When the pandemic struck, Somerset was set to begin opening to tenants its new BellWorks Chicagoland complex in suburban Hoffman Estates, a former AT&T campus that it acquired vacant in 2019. The crisis curtailed many tenants' plans to move or even check out new spaces.  

But earlier this month, Somerset announced it had clinched a deal with Platinum Home Mortgage for 22K SF at Bell Works Chicagoland, its first long-term deal at the complex.

"We've been a big believer in the suburbs all along," Tucker Development CEO Richard Tucker said. His firm has a mixed portfolio of mainly retail and residential properties across both city and suburbs.

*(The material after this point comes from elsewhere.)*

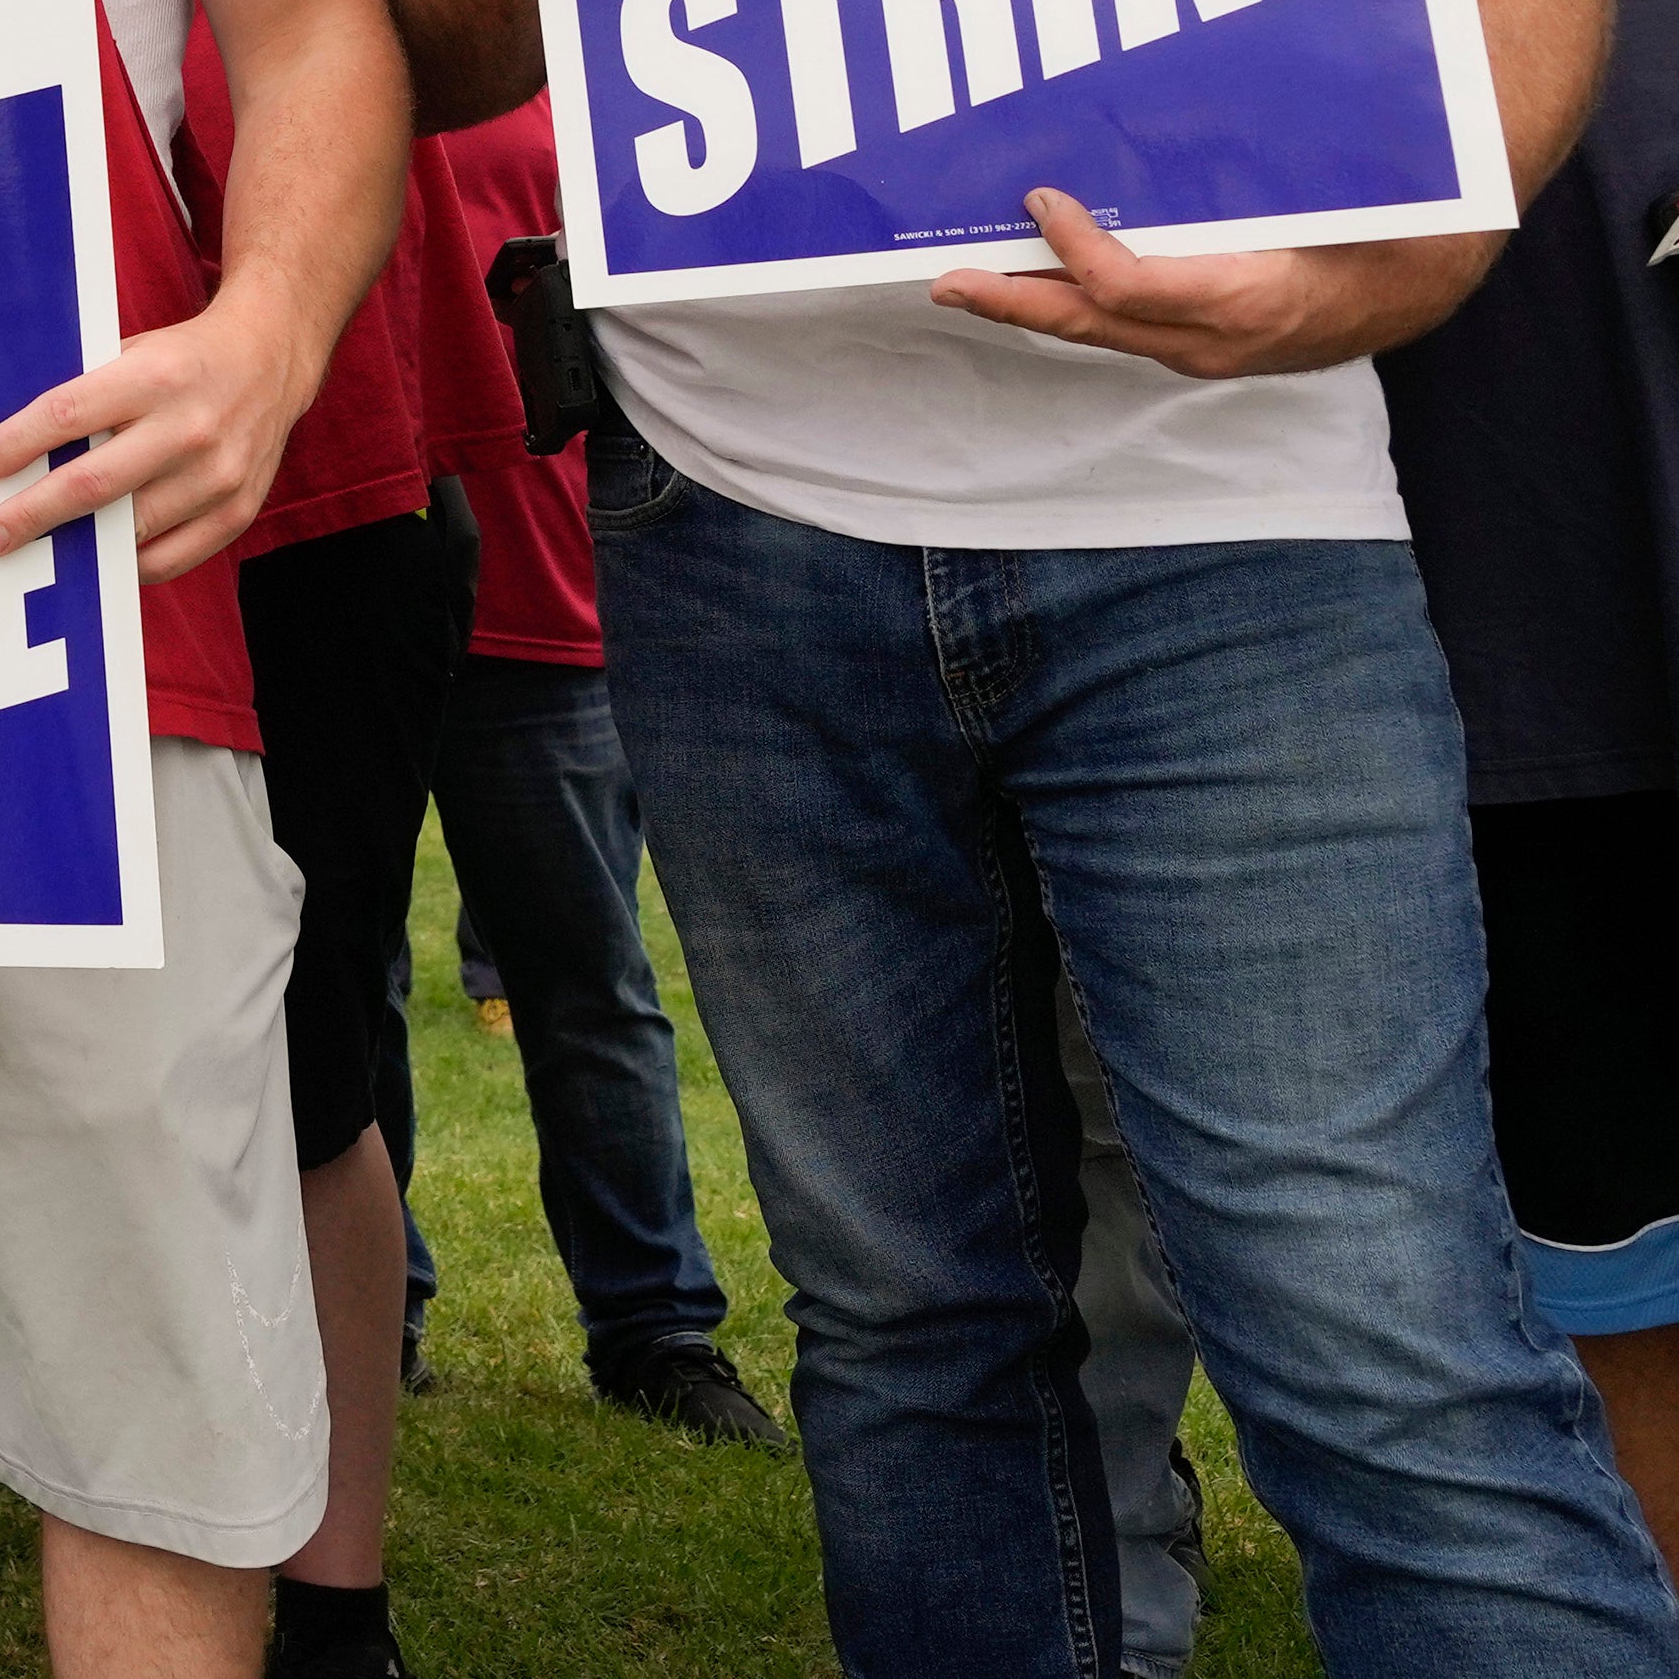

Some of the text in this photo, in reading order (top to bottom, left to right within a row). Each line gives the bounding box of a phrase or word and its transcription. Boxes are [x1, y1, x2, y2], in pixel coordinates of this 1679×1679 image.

[894, 231, 934, 242] SAWICKI
[945, 228, 965, 236] SON
[969, 225, 993, 234] (313)
[995, 221, 1036, 232] 962-2725

It's not necessarily going to be easy to attract tenants to the suburbs, though, he added. Many residents and shoppers now want dense, urban-style environments, even in the suburbs, and successful properties will provide that environment.

After a long Covid-related delay, Tucker Development is about to start building District 1860, a three-building complex in suburban Lincolnwood on the former site of the town's famous Purple Hotel. It will have a grocery, restaurants and other retail, as well as a 300-unit apartment building and, possibly, a hotel. 

"That is a project that will bring an urban environment to the suburbs," Tucker said. 

Heerema also said developers and owners may need to do more if they expect to bring office users back. He's noticed that one of the many reasons people have come back to his own office this summer, if only for a day, is when it makes it more convenient to attend socially oriented industry events. 

"We need to take a lesson from that and make the office more of a destination," he said, adding companies should be prepared to hold such social events and activities regularly.

"We're all going to have to work a little harder at attracting people," he said.